Does 'The Town' Mean It's Time to Take Ben Affleck Seriously Again?
By Moviefone Editors Posted Sep 17th 2010 05:00PM
Pop-Ed: I've always liked Ben Affleck. And with the release of this weekend's 'The Town' (a movie I enjoyed immensely), it's nice to have a respected Affleck back in our lives. Sure, in the past, like anyone, I questioned most of his decisions when it came to his roles. Who didn't? It's the tale of two careers when comparing fellow Best Original Screenplay winner Matt Damon and Affleck. After their Oscar win for 'Good Will Hunting,' Damon chose his roles wisely and stayed out of the tabloids; Affleck did the exact opposite. When Damon would chose to do a bigger budget Hollywood action movie, he chose the Jason Bourne films; Affleck chose 'Reindeer Games' and 'Pearl Harbor.' The thing is, I still liked the guy. Even while in the process making dud after dud, it seemed like Affleck was going to become the heir apparent to Alec Baldwin as a recurring host on 'SNL.' Despite everything, based on his 'SNL' appearances, at least the guy could still have fun and laugh at himself.
Then came the unfortunately titled 'Hollywoodland' (licensing issues prevented the film film being called 'Truth, Justice, and the American Way'). Affleck played George Reeves, a man miserable with his life after being typecast as Superman. The scene that stands out is of Affleck, as Reeves, filming himself rolling around in his front yard as an audition for professional wrestling.

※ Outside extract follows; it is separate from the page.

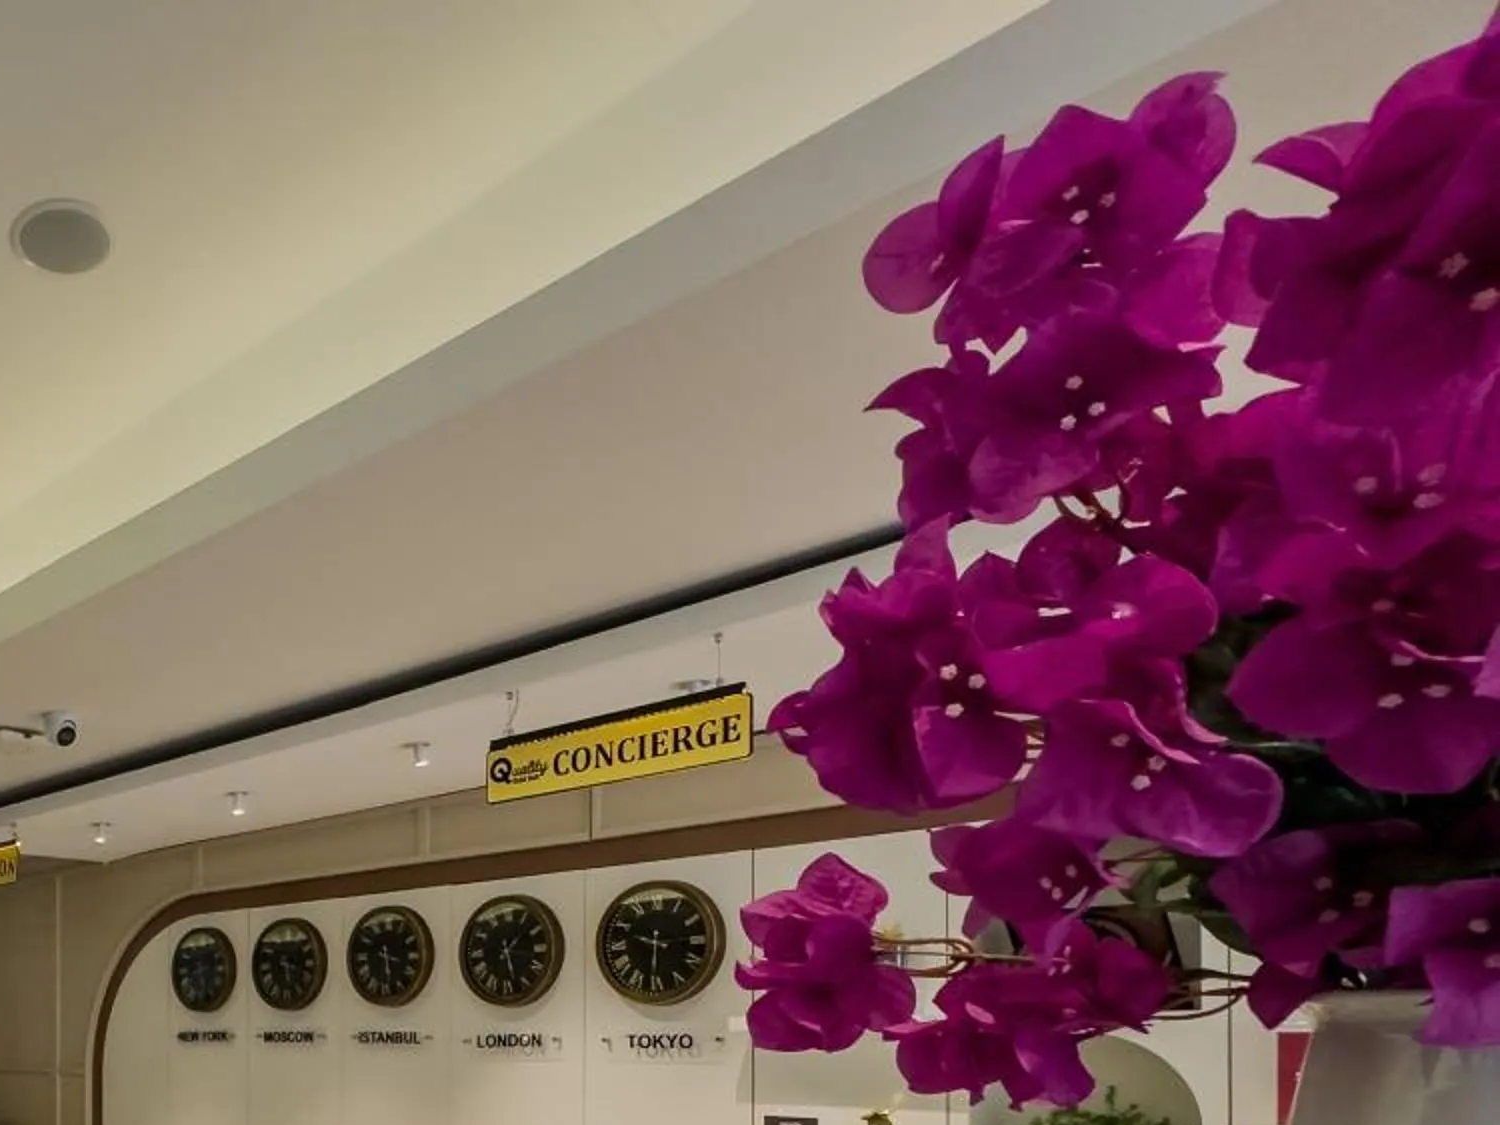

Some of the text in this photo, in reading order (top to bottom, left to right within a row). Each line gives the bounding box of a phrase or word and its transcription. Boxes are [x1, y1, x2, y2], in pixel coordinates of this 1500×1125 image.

I was honestly moved. Reeves, unfairly, was a joke -- his last option was wrestling. Affleck, too, was becoming a punchline -- his option was Reeves. Perhaps the comparison was not lost upon Affleck, but he nailed the role (unfortunately, not many people actually saw 'Hollywoodland').

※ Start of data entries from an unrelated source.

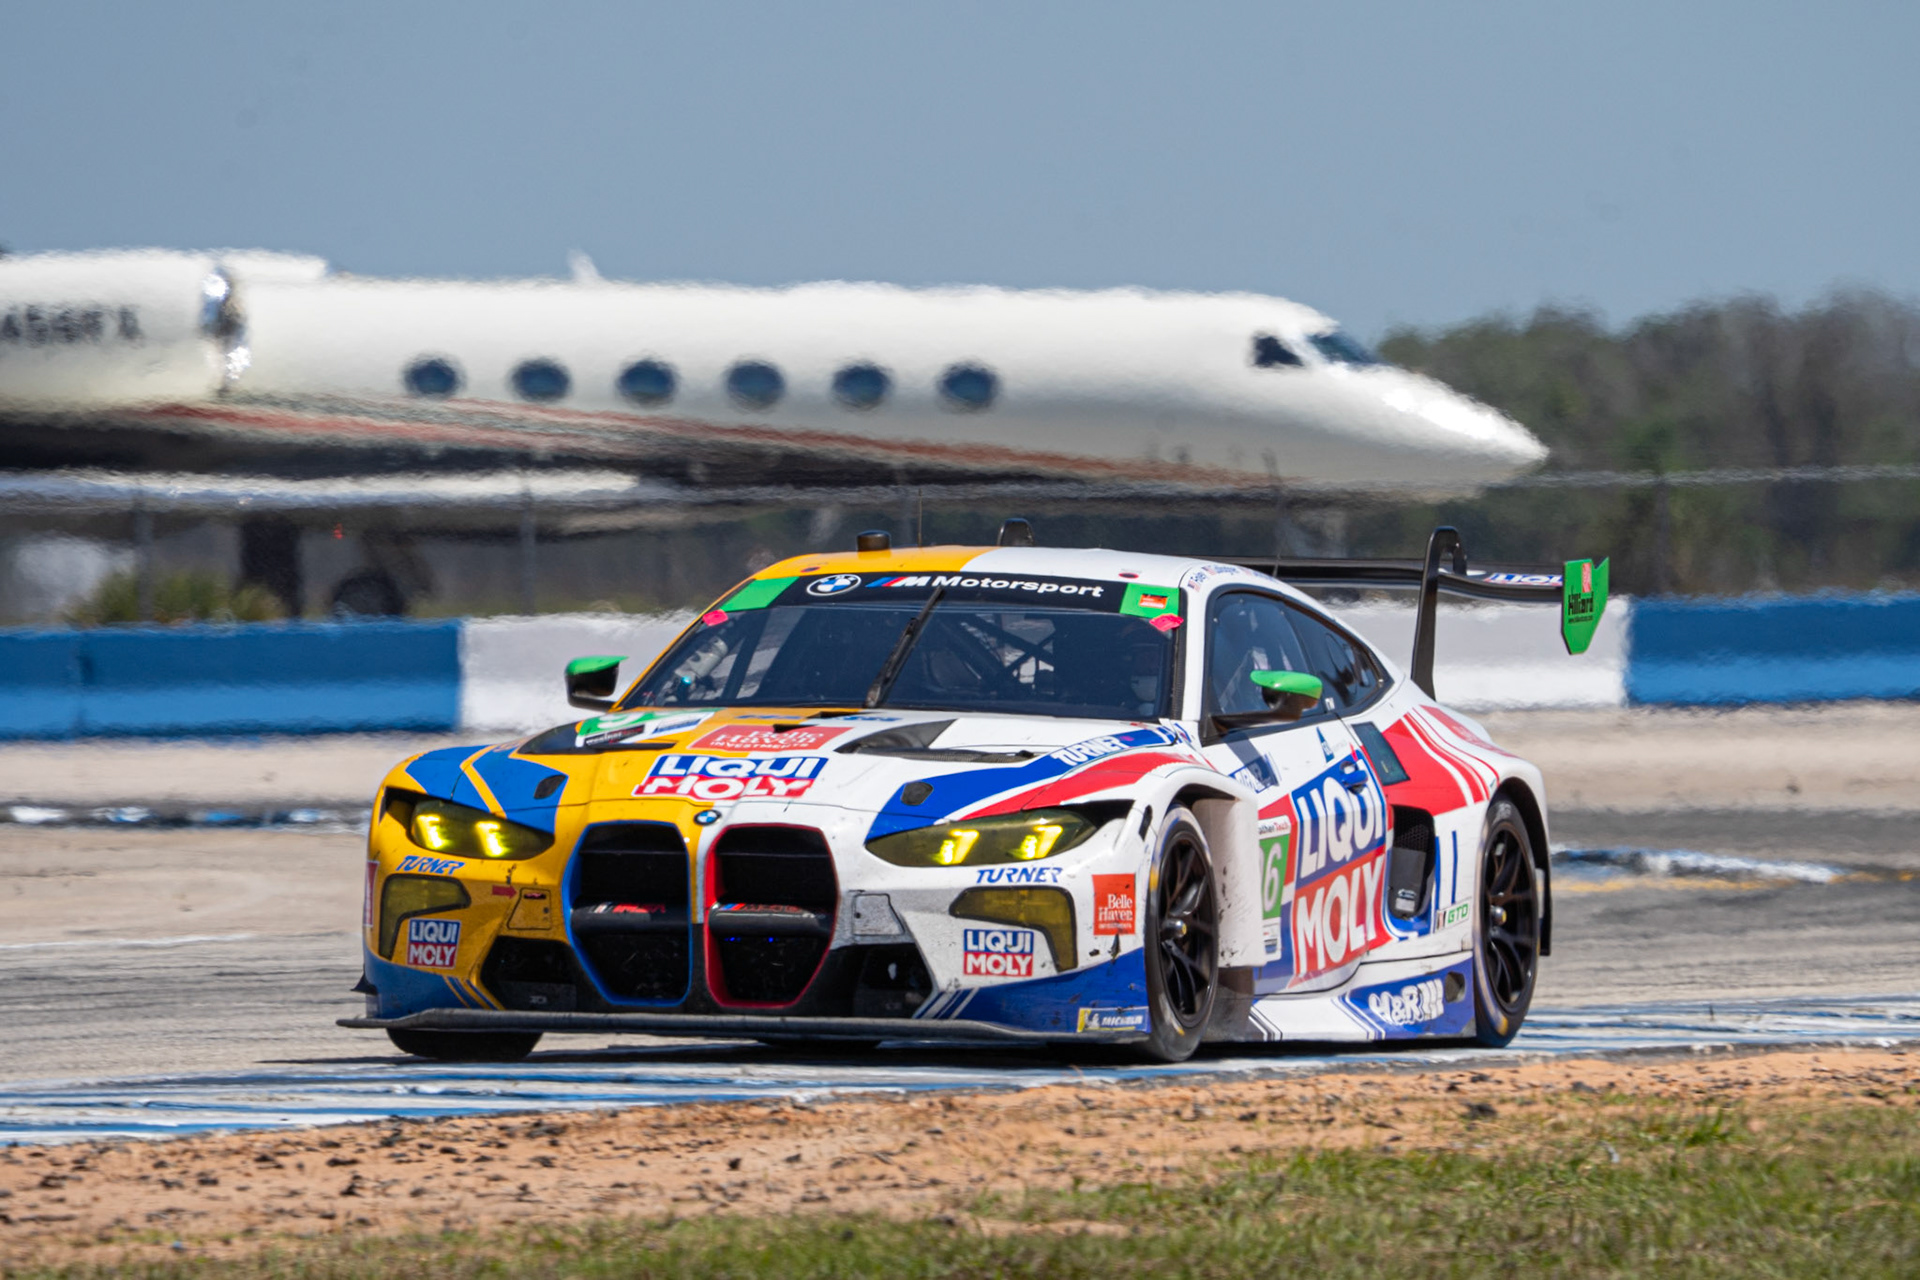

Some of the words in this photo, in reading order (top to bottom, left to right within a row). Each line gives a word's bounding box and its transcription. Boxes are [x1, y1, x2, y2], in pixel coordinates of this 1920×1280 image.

[932, 576, 1104, 597] Motorsport
[1050, 735, 1131, 766] TURNER
[657, 756, 815, 777] LIQUI
[642, 776, 812, 800] MOLY
[1297, 758, 1384, 879] LIQUI
[395, 855, 466, 875] TURNER
[976, 867, 1063, 884] TURNER
[1259, 842, 1282, 913] 6
[1108, 894, 1133, 909] Belle
[1098, 907, 1133, 921] Haven
[1297, 855, 1385, 978] MOLY
[410, 921, 458, 943] LIQUI
[966, 930, 1032, 953] LIQUI
[409, 944, 456, 966] MOLY
[966, 953, 1032, 976] MOLY
[1368, 984, 1425, 1026] H&R

It took him awhile, but this is the trajectory that Affleck should have been on all along. This is no longer an actor who chases a paycheck. No, literally -- Affleck once starred in a movie actually called 'Paycheck.' What followed was Affleck's directorial debut -- unless you count his 1993 short film ' I Killed My Lesbian Wife, Hung Her on a Meat Hook, and Now I Have a Three-Picture Deal at Disney' (seriously) -- the critically acclaimed gritty crime drama 'Gone Baby Gone,' a film that nabbed Amy Ryan a Best Supporting Actress Oscar nomination.
Affleck was wise to stay behind the camera for 'Gone Baby Gone.' His reputation was pretty much shot, and his appearance in the film may have very well lessened its power. Moviegoers theoretically passing on the possibility of watching, explaining, "Oh, it's a Ben Affleck movie? I learned my lesson with 'Bounce'!" The trouble after 'Gone Baby Gone' was twofold: It was a relatively small film and not everyone saw it, let alone knew that Affleck directed. And, as stated, Ben Affleck didn't appear in the film -- his brother Casey played the lead. To complete his comeback, Affleck needed to star in another post-'Hollywoodland' film.
For the rest of Affleck's life, he's probably going to be hearing wisecracks about 'Gigli'; that's inevitable. The stench of Affleck circa 2000-2004 is just going to be part of his life; there's no getting over that. To borrow a reference from Affleck's beloved Red Sox: Sure, the Red Sox won the World Series in 2004 and 2007, but that doesn't mean 1986 never happened. What's fortunate for Affleck is that America loves a comeback story. And, let's face it, it's not like Affleck committed a crime ('Surviving Christmas' notwithstanding). Celebrities have came back from a lot worse. Bad films or not, he's remained a likable fellow.
Enter: 'The Town.' Not only does Affleck star, he also directs. Not an easy task. Based on this, and the good reviews alone, Affleck should be considered a major force in Hollywood again. Perhaps it's no coincidence that Affleck returns to a role in which he has to drop his 'R's for a heavy Boston accent -- shades of 'Good Will Hunting.' Most important: Affleck put his ego aside and surrounded himself with great actors like Jeremy Renner and Jon Hamm. Affleck is now thinking like a successful director, not an ego-fueled actor who has to be the most important thing going on in every scene; it's not surprising that Renner and Hamm have the best lines. And, after seeing the film, it's time to welcome Ben Affleck back to the world as a respected Oscar-winning artist. 'The Town' is so good it almost makes a person forget about Affleck's questionable career choices. Almost.